Francisco formuló desde el principio el criterio básico para la reconciliación y el perdón: "No hay nadie lo suficientemente perdido que no merezca nuestra solicitud, nuestra cercanía y nuestro perdón". Y ante el pecado cometido por uno, la "iniciativa" corresponde "en primer lugar a la víctima del pecado del hermano", y con un objetivo: "Que quien lo dañó no se pierda". Por eso quien toma la iniciativa "siempre es el más valiente".

El Papa incidió en este elemento personal, más allá de los procesos políticos: "Hemos aprendido que estos caminos de pacificación, de primacía de la razón sobre la venganza, de delicada armonía entre la política y el derecho, no pueden obviar los procesos de la gente... Jesús encuentra la solución al daño realizado en el encuentro personal entre las partes".

"Nada podrá reemplazar ese encuentro reparador", insistió: "Ningún proceso colectivo nos exime del desafío de encontrarnos, de clarificar, de perdonar... Las heridas hondas de la historia precisan necesariamente de instancias donde se haga justicia, se dé posibilidad a las víctimas de conocer la verdad, el daño sea convenientemente reparado y haya acciones claras para evitar que se repitan esos crímenes. Pero eso sólo nos deja en la puerta de las exigencias cristianas".

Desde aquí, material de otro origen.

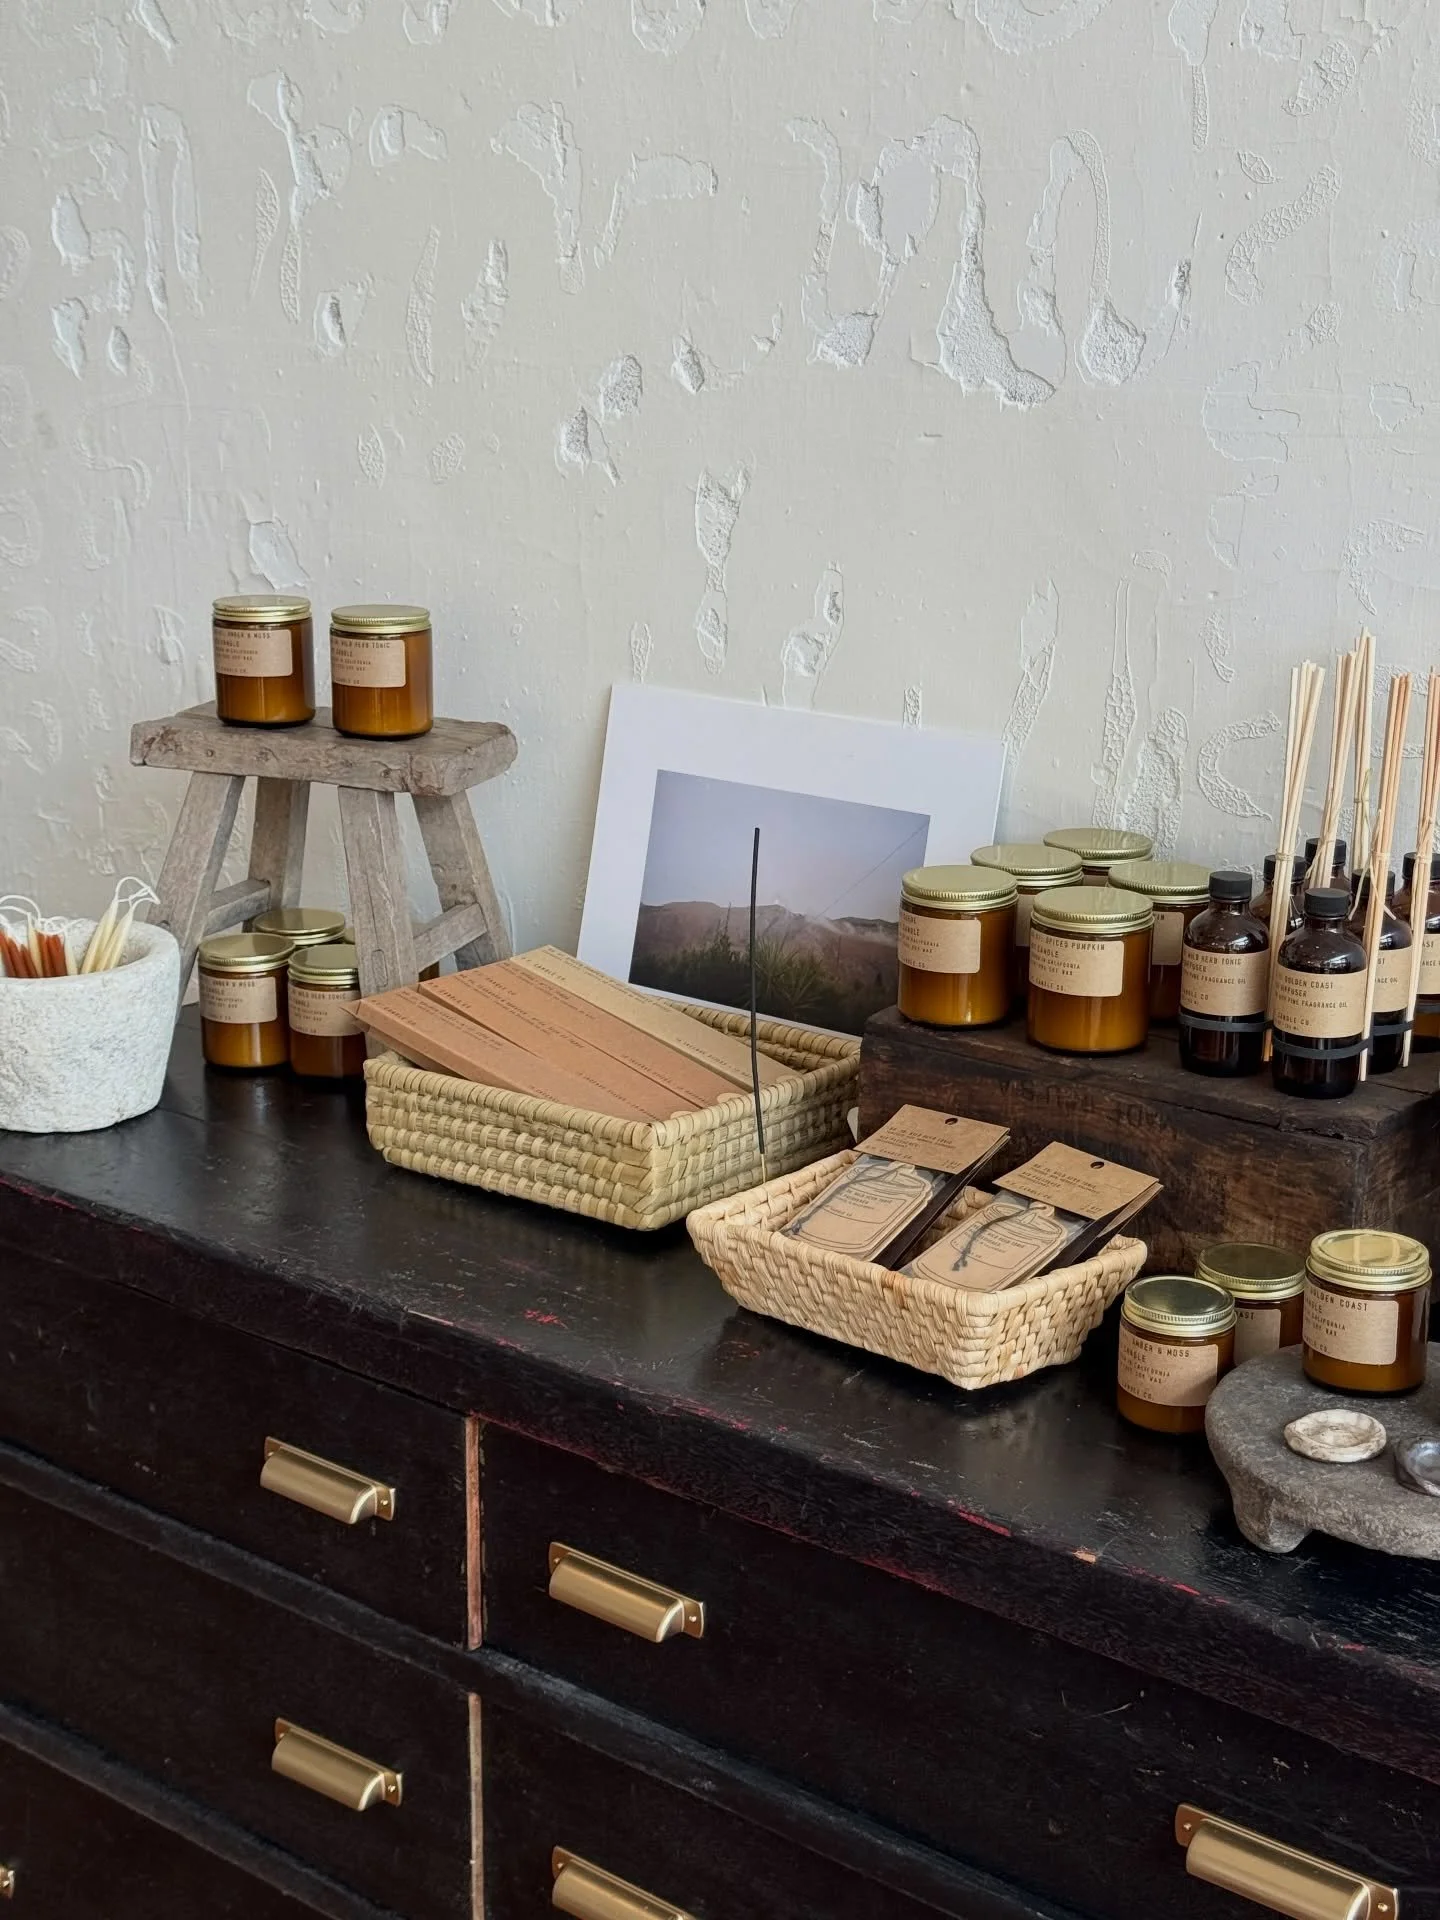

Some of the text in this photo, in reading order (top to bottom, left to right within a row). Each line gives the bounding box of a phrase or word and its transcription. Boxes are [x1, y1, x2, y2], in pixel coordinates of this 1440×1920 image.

[1071, 942, 1105, 951] PUMPKIN
[1221, 957, 1242, 966] TONIC
[1201, 975, 1235, 985] FRAGRANCE
[1284, 975, 1334, 990] GOLDEN COAST
[1301, 999, 1337, 1009] FRAGRANCE
[1339, 1298, 1368, 1312] COAST
[1132, 1337, 1153, 1353] AMBER
[1166, 1347, 1191, 1358] MOSS

Pero hace falta algo más: "A nosotros, cristianos, se nos exige generar «desde abajo» generar un cambio cultural: a la cultura de la muerte, de la violencia, responder con la cultura de la vida y del encuentro", dijo, y utilizó en apoyo de esta idea una larga cita de un mensaje sobre la paz de Gabriel García Márquez en 1998.

Duras condenas

"También Jesús en el Evangelio nos señala la posibilidad de que el otro se cierre, se niegue a cambiar, persista en su mal", prosiguió el Papa. Fue la parte más dura de la homilía de Francisco, dirigida a quienes "persisten en pecados que hieren la convivencia y la comunidad".

Citó como el primero de ellos la droga: "Condeno con firmeza esta lacra que ha puesto fin a tantas vidas y que es mantenida y sostenida por hombres sin escrúpulos".

Y añadió otros "dramas": la devastación de los recursos naturales, la contaminación, la explotación laboral, el blanqueo ilícito de dinero, la especulación financiera, la prostitución, la trata de seres humanos, los abusos contra menores, la esclavitud "que todavía difunde su horror en muchas partes del mundo", la "tragedia" de los emigrantes...

Antes había hablado también de "la sacralidad de cada vida humana, de cada hombre y cada mujer; de los pobres, de los ancianos, de los niños, de los enfermos, de los no nacidos, de los desocupados, de los abandonados, de los que se juzgan descartables porque no se los considera más que números de una u otra estadística".

Una oración sinfónica

"Finalmente", concluyo, "Jesús nos pide que recemos juntos; que nuestra oración sea sinfónica, con matices personales, diversas acentuaciones, pero que alce de modo conjunto un mismo clamor. Estoy seguro de que hoy rezamos juntos por el rescate de aquellos que estuvieron errados y no por su destrucción, por la justicia y no la venganza, por la reparación en la verdad y no el olvido".

Por eso invitó a rezar para cumplir el lema de la visita: ¡Demos el primer paso!: " «Dar el primer paso» es, sobre todo, salir al encuentro de los demás con Cristo, el Señor. Y Él nos pide siempre dar un paso decidido y seguro hacia los hermanos, renunciando a la pretensión de ser perdonados sin perdonar, de ser amados sin amar".

La emoción del arzobispo

Al finalizar la misa, y antes de cantar el Avemaría, el arzobispo de Cartagena, Jorge Enrique Jiménez Carvajal, se dirigió al Papa para agradecerle la visita. Aludió a la labor de la diócesis para salir "a las periferias" y "hacer lío", y contó al Papa que esa permanente acción en la calle de cientos de grupos ha conseguido un gran aumento de las vocaciones jóvenes a la vida consagrada.

Destacó asimismo que se dedica un gran esfuerzo a "la formación de los laicos", con resultados muy ventajosos. Al concluir sus palabras renovando la gratitud de los colombianos, a monseñor Jiménez Carvajal se le fue la voz en varias ocasiones por la emoción, a lo que respondieron los fieles aplaudiéndole.